* _EXERCISE DATA_
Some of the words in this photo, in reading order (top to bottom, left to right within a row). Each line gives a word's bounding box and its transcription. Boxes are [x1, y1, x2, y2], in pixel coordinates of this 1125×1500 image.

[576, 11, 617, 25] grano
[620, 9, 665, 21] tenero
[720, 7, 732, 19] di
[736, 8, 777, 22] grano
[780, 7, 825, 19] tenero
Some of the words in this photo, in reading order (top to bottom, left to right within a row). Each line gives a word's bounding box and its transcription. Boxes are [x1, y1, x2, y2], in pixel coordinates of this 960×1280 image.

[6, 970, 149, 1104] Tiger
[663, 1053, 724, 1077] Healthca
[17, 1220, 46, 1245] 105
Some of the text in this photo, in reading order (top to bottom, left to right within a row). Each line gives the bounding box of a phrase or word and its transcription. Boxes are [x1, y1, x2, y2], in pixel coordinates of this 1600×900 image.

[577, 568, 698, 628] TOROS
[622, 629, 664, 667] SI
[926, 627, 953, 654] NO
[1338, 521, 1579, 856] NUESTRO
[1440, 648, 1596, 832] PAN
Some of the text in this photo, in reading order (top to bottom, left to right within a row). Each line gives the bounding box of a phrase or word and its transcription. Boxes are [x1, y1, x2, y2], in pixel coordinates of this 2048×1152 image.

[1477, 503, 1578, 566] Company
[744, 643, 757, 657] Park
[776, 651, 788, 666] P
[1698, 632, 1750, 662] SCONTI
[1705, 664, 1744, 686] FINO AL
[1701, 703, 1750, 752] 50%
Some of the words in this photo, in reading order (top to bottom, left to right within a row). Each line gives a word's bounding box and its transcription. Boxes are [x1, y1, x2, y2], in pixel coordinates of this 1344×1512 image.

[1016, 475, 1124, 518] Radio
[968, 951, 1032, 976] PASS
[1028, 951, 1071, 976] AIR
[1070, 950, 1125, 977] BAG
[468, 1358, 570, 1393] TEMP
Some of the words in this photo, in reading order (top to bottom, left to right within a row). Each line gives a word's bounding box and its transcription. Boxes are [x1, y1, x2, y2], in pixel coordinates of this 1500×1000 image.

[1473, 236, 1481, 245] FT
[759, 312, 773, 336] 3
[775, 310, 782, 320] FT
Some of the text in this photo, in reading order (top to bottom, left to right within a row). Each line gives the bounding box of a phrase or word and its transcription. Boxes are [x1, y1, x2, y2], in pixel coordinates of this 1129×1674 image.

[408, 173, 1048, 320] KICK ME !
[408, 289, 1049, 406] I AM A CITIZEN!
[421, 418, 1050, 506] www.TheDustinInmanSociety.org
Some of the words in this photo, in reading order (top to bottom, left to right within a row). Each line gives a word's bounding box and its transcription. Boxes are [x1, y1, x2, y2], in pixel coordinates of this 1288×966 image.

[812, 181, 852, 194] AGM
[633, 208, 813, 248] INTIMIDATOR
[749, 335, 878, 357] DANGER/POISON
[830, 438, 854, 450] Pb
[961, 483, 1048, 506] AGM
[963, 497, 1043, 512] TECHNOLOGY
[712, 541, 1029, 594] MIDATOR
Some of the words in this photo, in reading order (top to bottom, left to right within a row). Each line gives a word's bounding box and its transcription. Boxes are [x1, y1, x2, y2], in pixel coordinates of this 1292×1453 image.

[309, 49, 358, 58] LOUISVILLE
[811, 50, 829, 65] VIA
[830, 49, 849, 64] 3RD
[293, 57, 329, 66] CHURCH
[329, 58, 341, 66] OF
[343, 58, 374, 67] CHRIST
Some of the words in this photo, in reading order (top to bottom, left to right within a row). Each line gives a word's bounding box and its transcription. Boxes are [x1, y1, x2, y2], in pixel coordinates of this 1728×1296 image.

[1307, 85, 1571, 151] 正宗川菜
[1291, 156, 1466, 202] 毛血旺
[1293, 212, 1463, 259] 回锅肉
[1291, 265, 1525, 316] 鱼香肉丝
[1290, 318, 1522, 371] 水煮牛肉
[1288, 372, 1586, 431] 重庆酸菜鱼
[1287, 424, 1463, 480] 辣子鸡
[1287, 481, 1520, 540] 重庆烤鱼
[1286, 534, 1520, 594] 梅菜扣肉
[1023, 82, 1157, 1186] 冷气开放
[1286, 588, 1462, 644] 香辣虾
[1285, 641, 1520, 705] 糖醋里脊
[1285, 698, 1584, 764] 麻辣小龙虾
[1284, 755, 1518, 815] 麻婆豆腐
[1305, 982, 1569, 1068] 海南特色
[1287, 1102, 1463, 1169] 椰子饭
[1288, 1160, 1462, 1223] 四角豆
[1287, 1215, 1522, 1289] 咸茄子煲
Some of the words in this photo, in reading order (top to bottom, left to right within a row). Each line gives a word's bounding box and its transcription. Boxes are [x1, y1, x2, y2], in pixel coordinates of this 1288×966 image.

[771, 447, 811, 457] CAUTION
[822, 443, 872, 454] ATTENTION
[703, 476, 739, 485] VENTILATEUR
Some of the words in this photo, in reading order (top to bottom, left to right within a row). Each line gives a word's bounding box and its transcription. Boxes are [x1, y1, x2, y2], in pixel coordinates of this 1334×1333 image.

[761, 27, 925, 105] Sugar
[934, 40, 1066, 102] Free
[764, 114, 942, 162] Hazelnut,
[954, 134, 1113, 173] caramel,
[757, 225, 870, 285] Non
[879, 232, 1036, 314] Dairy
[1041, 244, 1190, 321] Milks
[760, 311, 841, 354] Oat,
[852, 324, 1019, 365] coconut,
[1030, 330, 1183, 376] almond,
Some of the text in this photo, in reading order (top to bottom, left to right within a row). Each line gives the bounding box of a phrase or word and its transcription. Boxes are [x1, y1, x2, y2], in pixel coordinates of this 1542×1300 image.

* _TASK STATEMENT_
Transcribe every record exactly, keeping each line as it is.

* _TASK RESPONSE_
Some of the words in this photo, in reading order (top to bottom, left to right within a row). Each line gives a word's bounding box and its transcription. Boxes are [x1, y1, x2, y2], in pixel coordinates of this 1125×1500 image.

[576, 11, 617, 25] grano
[620, 9, 665, 21] tenero
[720, 7, 732, 19] di
[736, 8, 777, 22] grano
[780, 7, 825, 19] tenero
Some of the words in this photo, in reading order (top to bottom, left to right within a row). Each line gives a word's bounding box and its transcription. Boxes are [x1, y1, x2, y2], in pixel coordinates of this 960×1280 image.

[6, 970, 149, 1104] Tiger
[663, 1053, 724, 1077] Healthca
[17, 1220, 46, 1245] 105
Some of the text in this photo, in reading order (top to bottom, left to right within a row). Each line gives the bounding box of a phrase or word and its transcription. Boxes are [x1, y1, x2, y2], in pixel coordinates of this 1600×900 image.

[577, 568, 698, 628] TOROS
[622, 629, 664, 667] SI
[926, 627, 953, 654] NO
[1338, 521, 1579, 856] NUESTRO
[1440, 648, 1596, 832] PAN
Some of the text in this photo, in reading order (top to bottom, left to right within a row). Each line gives the bounding box of a phrase or word and its transcription. Boxes are [x1, y1, x2, y2], in pixel coordinates of this 2048×1152 image.

[1477, 503, 1578, 566] Company
[744, 643, 757, 657] Park
[776, 651, 788, 666] P
[1698, 632, 1750, 662] SCONTI
[1705, 664, 1744, 686] FINO AL
[1701, 703, 1750, 752] 50%
Some of the words in this photo, in reading order (top to bottom, left to right within a row). Each line gives a word's bounding box and its transcription. Boxes are [x1, y1, x2, y2], in pixel coordinates of this 1344×1512 image.

[1016, 475, 1124, 518] Radio
[968, 951, 1032, 976] PASS
[1028, 951, 1071, 976] AIR
[1070, 950, 1125, 977] BAG
[468, 1358, 570, 1393] TEMP
Some of the words in this photo, in reading order (top to bottom, left to right within a row). Each line gives a word's bounding box and its transcription. Boxes are [x1, y1, x2, y2], in pixel coordinates of this 1500×1000 image.

[1473, 236, 1481, 245] FT
[759, 312, 773, 336] 3
[775, 310, 782, 320] FT
Some of the text in this photo, in reading order (top to bottom, left to right within a row). Each line gives the bounding box of a phrase or word and its transcription. Boxes are [x1, y1, x2, y2], in pixel coordinates of this 1129×1674 image.

[408, 173, 1048, 320] KICK ME !
[408, 289, 1049, 406] I AM A CITIZEN!
[421, 418, 1050, 506] www.TheDustinInmanSociety.org
Some of the words in this photo, in reading order (top to bottom, left to right within a row). Each line gives a word's bounding box and its transcription. Boxes are [x1, y1, x2, y2], in pixel coordinates of this 1288×966 image.

[812, 181, 852, 194] AGM
[633, 208, 813, 248] INTIMIDATOR
[749, 335, 878, 357] DANGER/POISON
[830, 438, 854, 450] Pb
[961, 483, 1048, 506] AGM
[963, 497, 1043, 512] TECHNOLOGY
[712, 541, 1029, 594] MIDATOR
Some of the words in this photo, in reading order (top to bottom, left to right within a row). Each line gives a word's bounding box and its transcription. Boxes are [x1, y1, x2, y2], in pixel coordinates of this 1292×1453 image.

[309, 49, 358, 58] LOUISVILLE
[811, 50, 829, 65] VIA
[830, 49, 849, 64] 3RD
[293, 57, 329, 66] CHURCH
[329, 58, 341, 66] OF
[343, 58, 374, 67] CHRIST
Some of the words in this photo, in reading order (top to bottom, left to right within a row). Each line gives a word's bounding box and its transcription. Boxes are [x1, y1, x2, y2], in pixel coordinates of this 1728×1296 image.

[1307, 85, 1571, 151] 正宗川菜
[1291, 156, 1466, 202] 毛血旺
[1293, 212, 1463, 259] 回锅肉
[1291, 265, 1525, 316] 鱼香肉丝
[1290, 318, 1522, 371] 水煮牛肉
[1288, 372, 1586, 431] 重庆酸菜鱼
[1287, 424, 1463, 480] 辣子鸡
[1287, 481, 1520, 540] 重庆烤鱼
[1286, 534, 1520, 594] 梅菜扣肉
[1023, 82, 1157, 1186] 冷气开放
[1286, 588, 1462, 644] 香辣虾
[1285, 641, 1520, 705] 糖醋里脊
[1285, 698, 1584, 764] 麻辣小龙虾
[1284, 755, 1518, 815] 麻婆豆腐
[1305, 982, 1569, 1068] 海南特色
[1287, 1102, 1463, 1169] 椰子饭
[1288, 1160, 1462, 1223] 四角豆
[1287, 1215, 1522, 1289] 咸茄子煲
Some of the words in this photo, in reading order (top to bottom, left to right within a row). Each line gives a word's bounding box and its transcription. Boxes are [x1, y1, x2, y2], in pixel coordinates of this 1288×966 image.

[771, 447, 811, 457] CAUTION
[822, 443, 872, 454] ATTENTION
[703, 476, 739, 485] VENTILATEUR
Some of the words in this photo, in reading order (top to bottom, left to right within a row). Each line gives a word's bounding box and its transcription. Boxes are [x1, y1, x2, y2], in pixel coordinates of this 1334×1333 image.

[761, 27, 925, 105] Sugar
[934, 40, 1066, 102] Free
[764, 114, 942, 162] Hazelnut,
[954, 134, 1113, 173] caramel,
[757, 225, 870, 285] Non
[879, 232, 1036, 314] Dairy
[1041, 244, 1190, 321] Milks
[760, 311, 841, 354] Oat,
[852, 324, 1019, 365] coconut,
[1030, 330, 1183, 376] almond,
Some of the text in this photo, in reading order (top to bottom, left to right within a row). Each line gives the bounding box of a phrase or word and its transcription. Boxes are [x1, y1, x2, y2], in pixel coordinates of this 1542×1300 image.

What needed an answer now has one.